Pema Chödrön says
“We think that if we just meditated enough or jogged enough or ate perfect food, everything would be perfect. But from the point of view of someone who is awake, that’s death. Seeking security or perfection, rejoicing in feeling confirmed and whole, self-contained and comfortable, is some kind of death. It doesn’t have any fresh air. There’s no room for something to come in and interrupt all that. We are killing the moment by controlling our experience. Doing this is setting ourselves up for failure, because sooner or later, we’re going to have an experience we can’t control; our house is going to burn down, someone we love is going to die, we’re going to find out we have cancer, a brick is going to fall out of the sky and hit us on the head, somebody’s going to spill tomato juice all over our white suit, or we’re going to arrive at our favorite restaurant and discovered no one’s ordered produce and 700 people are coming for lunch.

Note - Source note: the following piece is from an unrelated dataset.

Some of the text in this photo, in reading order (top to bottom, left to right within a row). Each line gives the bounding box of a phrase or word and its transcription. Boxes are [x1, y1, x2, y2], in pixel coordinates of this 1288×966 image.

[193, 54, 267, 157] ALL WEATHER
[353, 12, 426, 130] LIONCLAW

The essence of life is that it’s challenging. Sometimes it’s sweet and sometimes it’s bitter. Sometimes your body tenses, and sometimes it relaxes or opens. Sometimes you have a headache, and sometimes you feel 100 percent healthy. From an awakened perspective, trying to tie up all the loose ends and finally get it all together is death, because it involves rejecting a lot of your life experience. There is something aggressive about this approach to life, trying to flatten out all the rough spots and imperfections into a nice smooth ride.
To be fully alive, fully human, and completely awake is to be continually thrown out of the nest.”